_TO DO_
Images are to be excluded, and the rest of the data repeated exactly.

[Free-text object descriptions]
▽
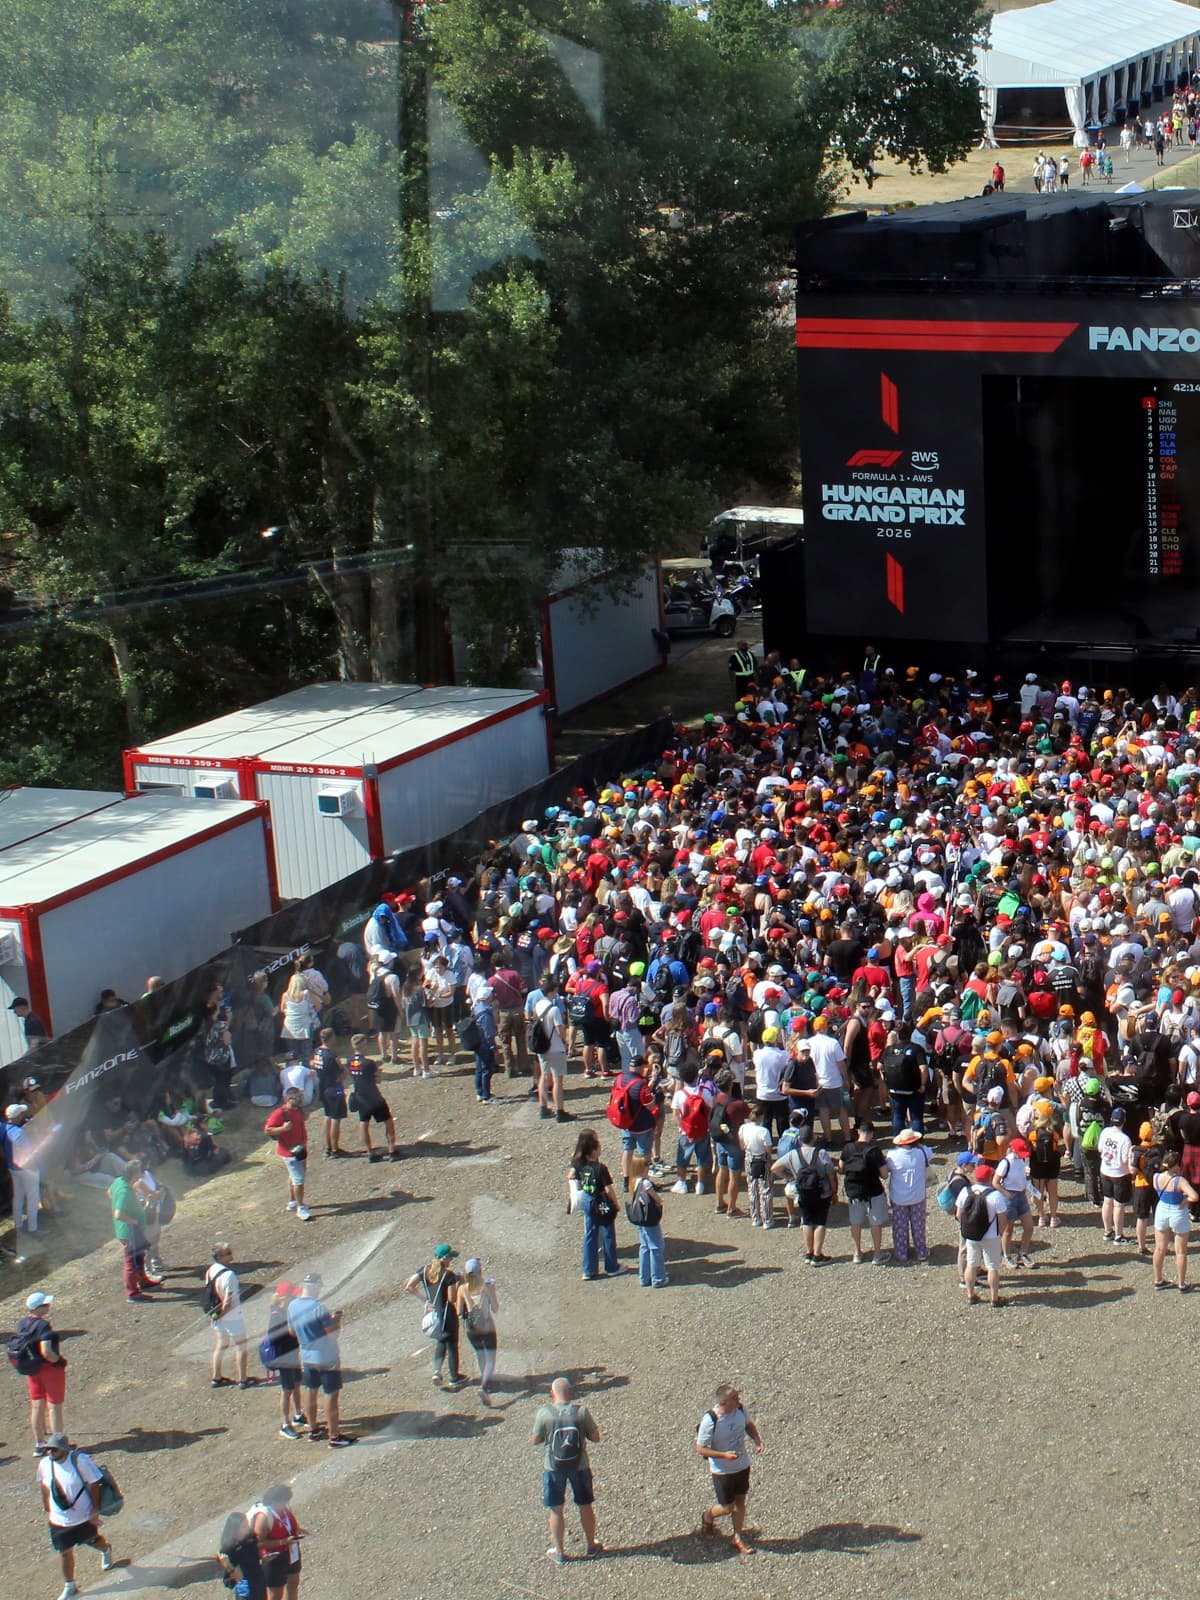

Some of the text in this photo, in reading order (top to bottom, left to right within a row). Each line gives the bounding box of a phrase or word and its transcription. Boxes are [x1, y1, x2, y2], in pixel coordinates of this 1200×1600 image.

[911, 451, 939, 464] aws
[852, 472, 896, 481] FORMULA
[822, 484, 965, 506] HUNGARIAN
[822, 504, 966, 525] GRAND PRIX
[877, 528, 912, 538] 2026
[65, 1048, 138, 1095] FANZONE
△
_TASK ANSWER_
Some of the text in this photo, in reading order (top to bottom, left to right within a row). Each line gives the bounding box of a phrase or word and its transcription. Boxes are [x1, y1, x2, y2], in pixel coordinates of this 1200×1600 image.

[911, 451, 939, 464] aws
[852, 472, 896, 481] FORMULA
[822, 484, 965, 506] HUNGARIAN
[822, 504, 966, 525] GRAND PRIX
[877, 528, 912, 538] 2026
[65, 1048, 138, 1095] FANZONE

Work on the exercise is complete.